Os candidatos à Presidência da República não terão desculpa este ano para se omitir quando o assunto é infraestrutura viária. Depois do estudo da Confederação Nacional do Transporte sobre a influência da manutenção das estradas nos acidentes ocorridos em rodovias federais, é a vez de a Confederação Nacional da Indústria (CNI) divulgar dados assombrosos sobre a malha ferroviária nacional. Em um país onde as ferrovias poderiam ajudar a desfazer a enorme dependência do modal rodoviário no transporte de cargas e passageiros, os trilhos ociosos serviriam para ligar São Paulo a Nova York em linha reta.
“Transporte ferroviário: colocando a competitividade nos trilhos” usa dados da Agência Nacional de Transportes Terrestres (ANTT) e mostra que 30,6% da malha ferroviária brasileira está abandonada: são 8,6 mil quilômetros de estradas de ferro. Desse total, 6,5 mil quilômetros não têm nem sequer condições para a circulação de trens, necessitando de reformas para que pudessem voltar a ser usados. O estudo ainda traz outros dados que mostram o grau de subutilização e desperdício do potencial ferroviário brasileiro: entre 2006 e 2013, somente 7,6% dos recursos investidos na malha se destinaram à sua expansão; em 2017, 77% do transporte de carga por ferrovias consistia unicamente em minério de ferro, contra 60% em 2001; e apenas 8% da malha opera em um regime compartilhado, em que os trens de uma concessionária trafegam nos trilhos de outra, o chamado “direito de passagem”.
É preciso que haja maior protagonismo da iniciativa privada, maior abertura à competição e diversificação das cargas
A CNI identificou a origem dos problemas nos termos das concessões, elaborados na década de 90, quando o país ainda tinha pouquíssima experiência na elaboração desse tipo de contrato. O resultado é uma operação deficiente, e que ainda vai se estender por mais dez anos até que os contratos atuais expirem. Por isso, a CNI recomenda, no estudo, a prorrogação antecipada dos contratos, condicionada a novas exigências para as concessionárias, como porcentuais mínimos de investimento em melhoria e ampliação da rede, e aumento da concorrência por meio de exigências de compartilhamento de malha.

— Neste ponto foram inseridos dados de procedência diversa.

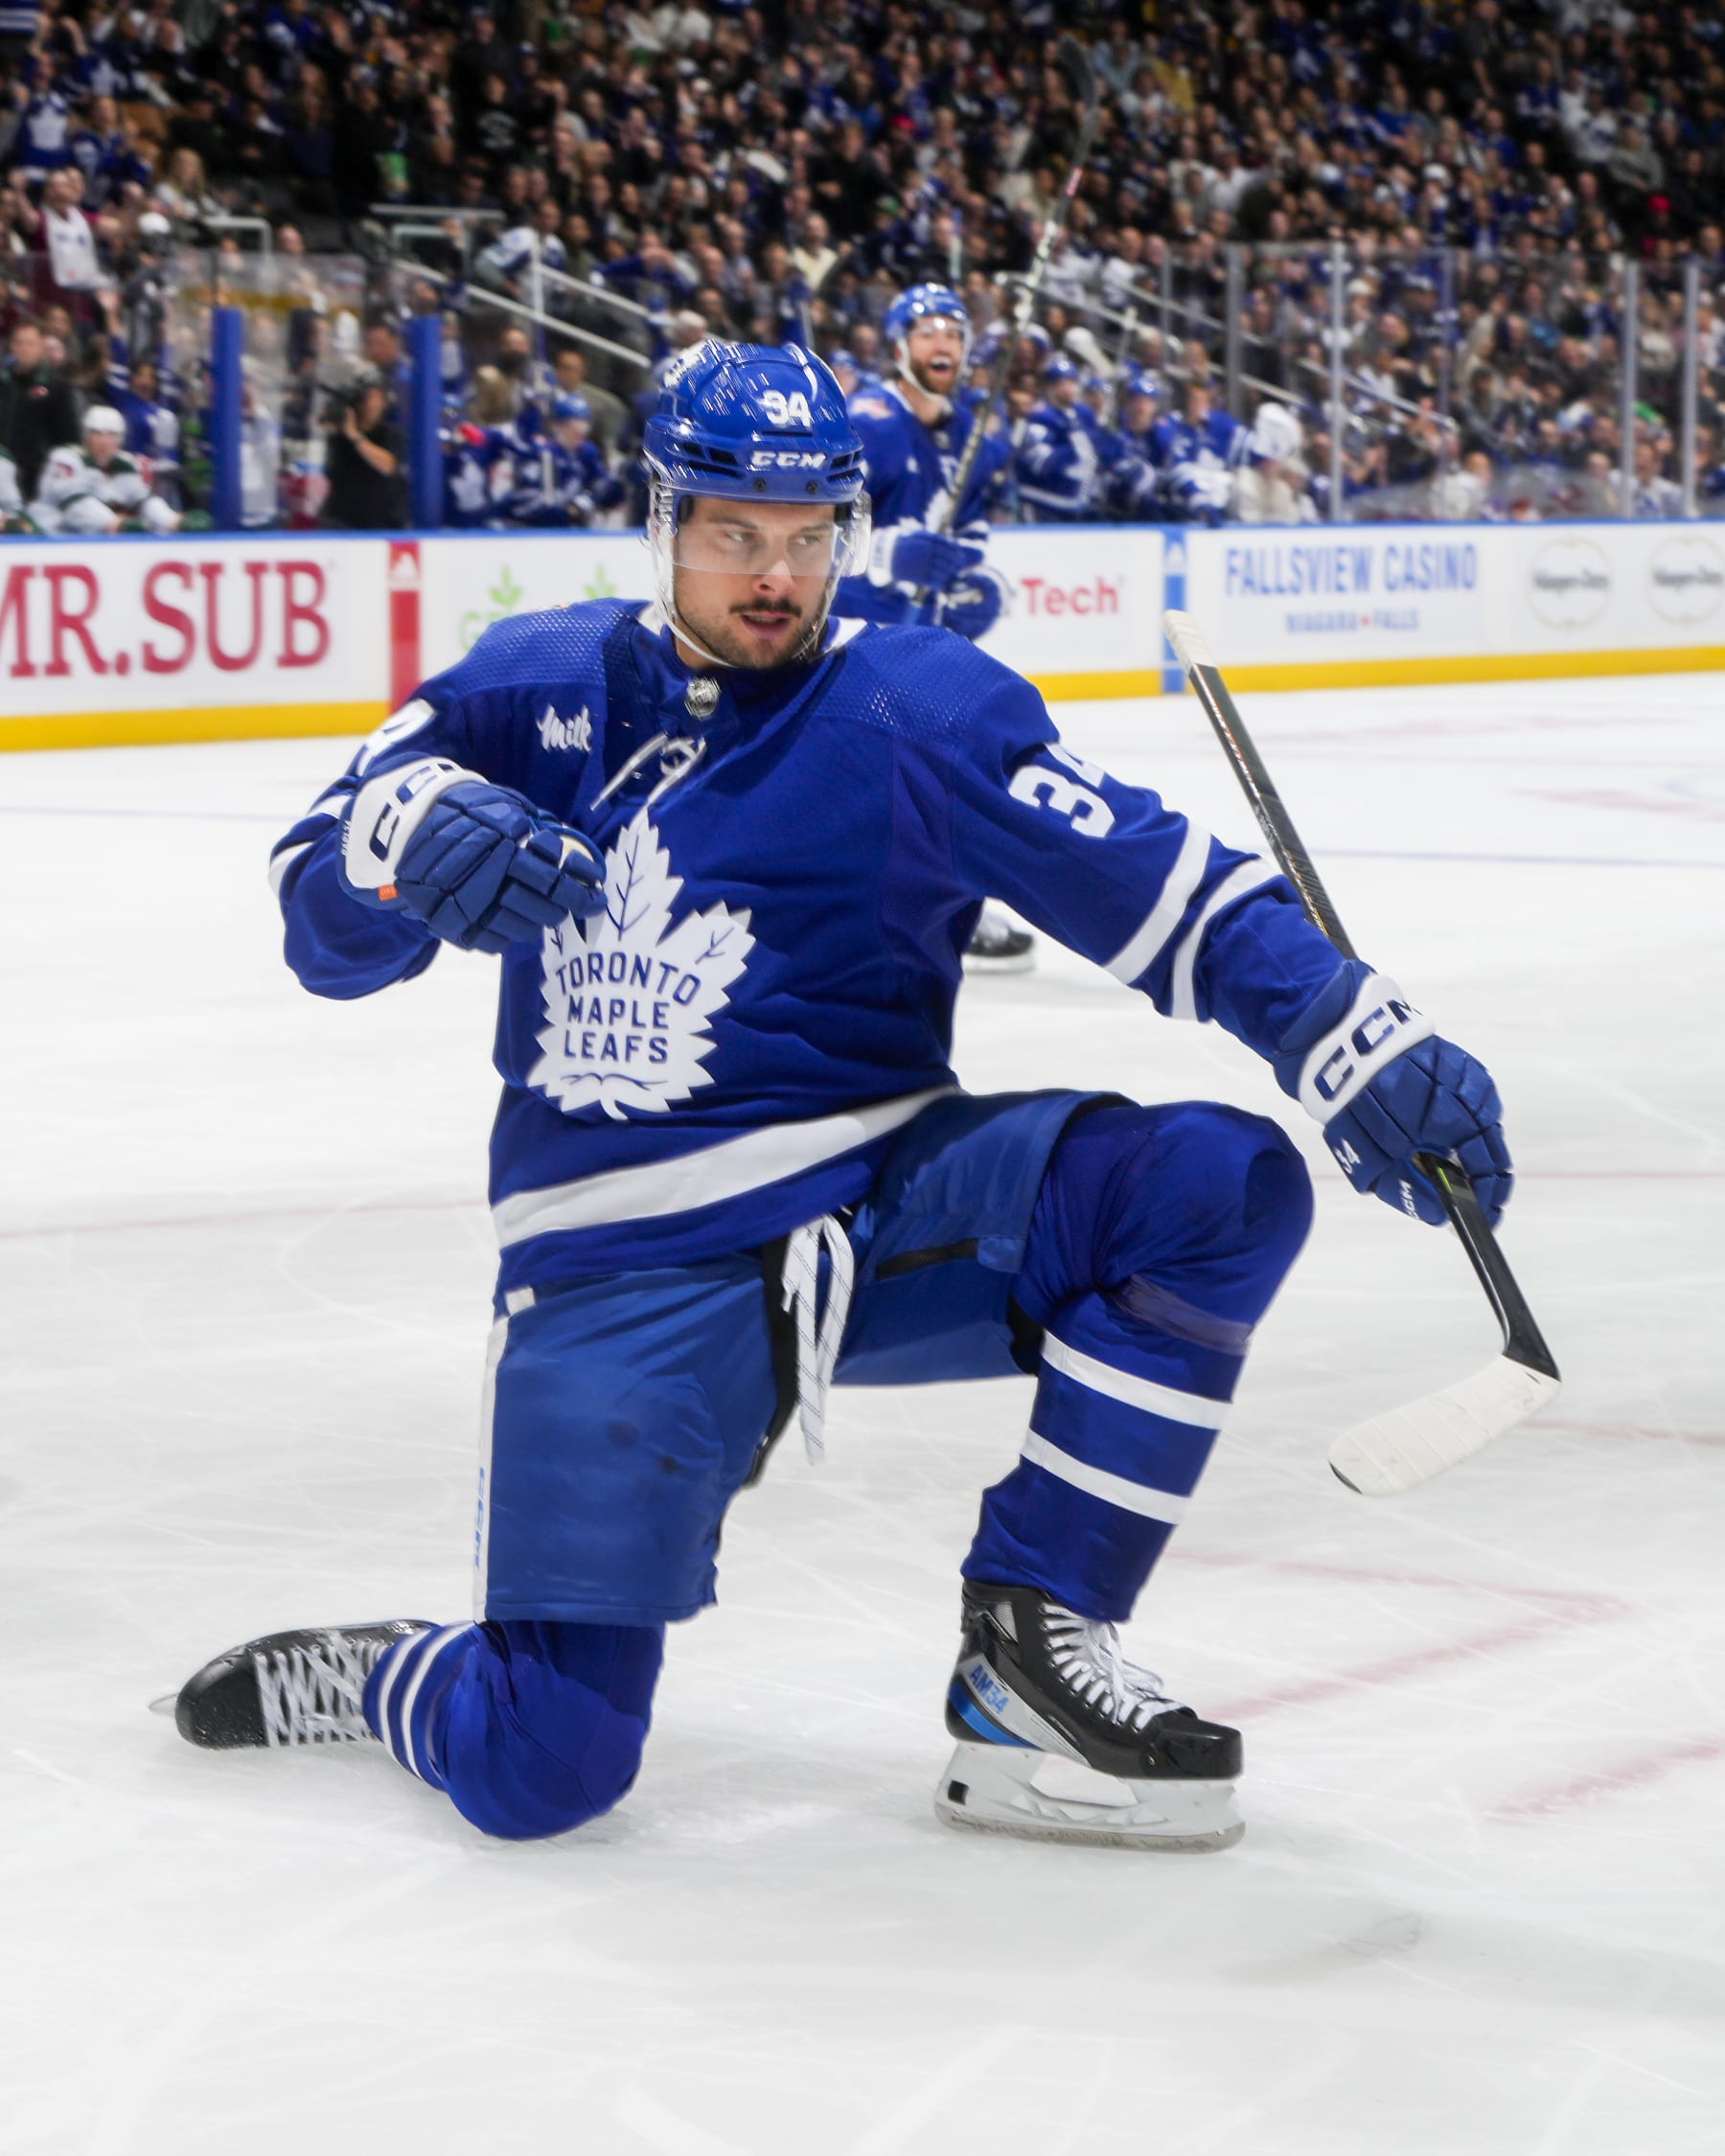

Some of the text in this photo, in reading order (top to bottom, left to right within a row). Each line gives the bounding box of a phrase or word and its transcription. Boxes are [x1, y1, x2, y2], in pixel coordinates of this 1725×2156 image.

[750, 449, 827, 468] CCM
[1225, 546, 1374, 597] FALLSVIEW
[1383, 543, 1478, 592] CASINO
[1021, 577, 1119, 616] Tech
[537, 705, 592, 751] Milk
[556, 952, 702, 1006] TORONTO
[565, 995, 672, 1031] MAPLE
[563, 1030, 671, 1066] LEAFS
[971, 1664, 1009, 1713] AM34
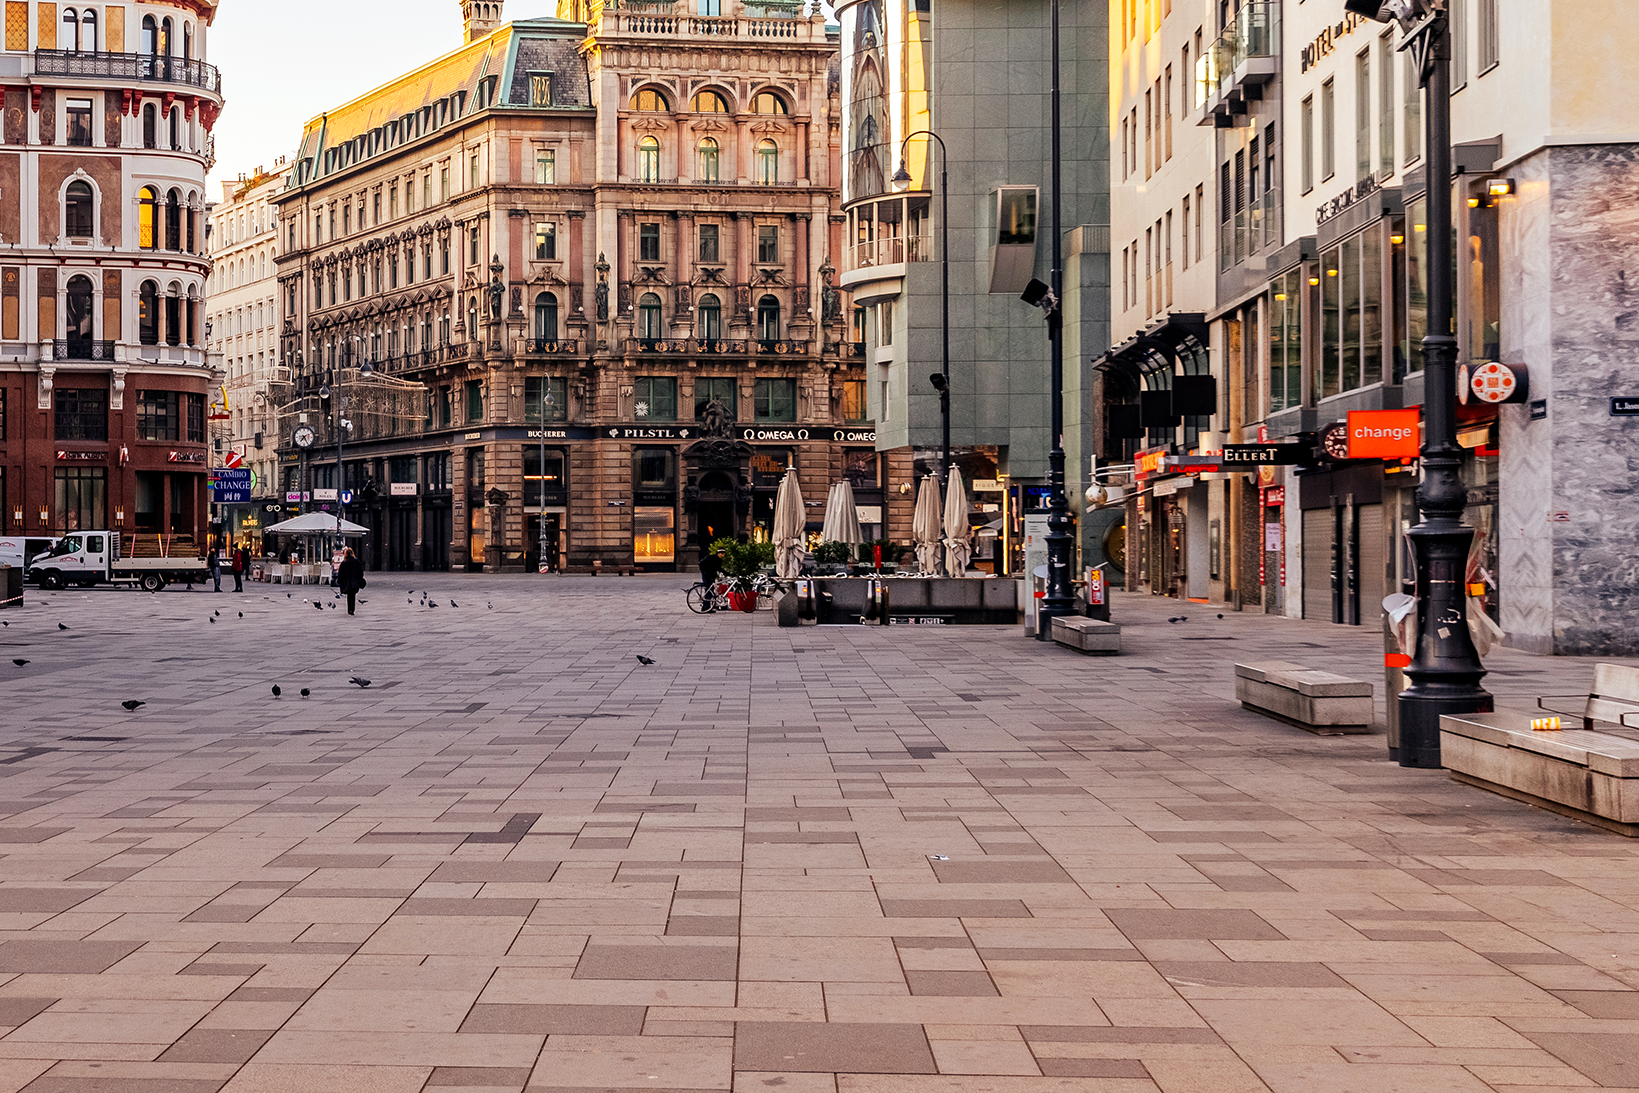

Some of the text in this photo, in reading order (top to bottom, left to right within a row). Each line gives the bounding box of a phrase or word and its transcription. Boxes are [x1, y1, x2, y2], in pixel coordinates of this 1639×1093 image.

[1300, 25, 1334, 75] HOTEL
[527, 430, 567, 438] BUCHERER
[624, 429, 675, 438] PILSTL
[757, 430, 795, 440] OMEGA
[847, 432, 876, 442] OMEG
[1354, 426, 1412, 441] change
[1224, 448, 1278, 461] ELLERT
[218, 470, 247, 478] CAMBIO
[214, 480, 251, 490] CHANGE
[342, 493, 352, 504] U

No caso das rodovias, o governo federal chegou a considerar a hipótese de prorrogar concessões, mas recuou: a MP 800, de setembro do ano passado, permitiu uma renegociação do cronograma de obras, mas dentro do prazo original de concessão. A situação das ferrovias é mais dramática, e a essa altura está claro que os contratos firmados 20 anos atrás não foram feitos de forma a garantir expansão e manutenção satisfatórias da malha. A prorrogação já tinha sido sugerida pela Fundação Getulio Vargas, tem a simpatia do governo federal e também é demanda das próprias concessionárias; o Tribunal de Contas da União (TCU) já vem analisando a possibilidade. O risco, aqui, é o de aditivos pouco claros que levem a uma judicialização daqui a alguns anos – algo semelhante ao imbróglio quase incontornável que aflige as concessões de rodovias do Anel de Integração paranaense.
Independentemente da discussão sobre a prorrogação dos atuais contratos, a CNI recorda que, para a malha ferroviária brasileira voltar a crescer, é preciso que haja maior protagonismo da iniciativa privada (entre as sugestões está a dissolução da estatal Valec, que opera seis ferrovias, incluindo a Norte-Sul), maior abertura à competição e diversificação das cargas. As vantagens da ferrovia sobre o modal rodoviário já foram largamente comprovadas, e não há explicação razoável para que o país não direcione esforços à reconstrução de sua malha férrea.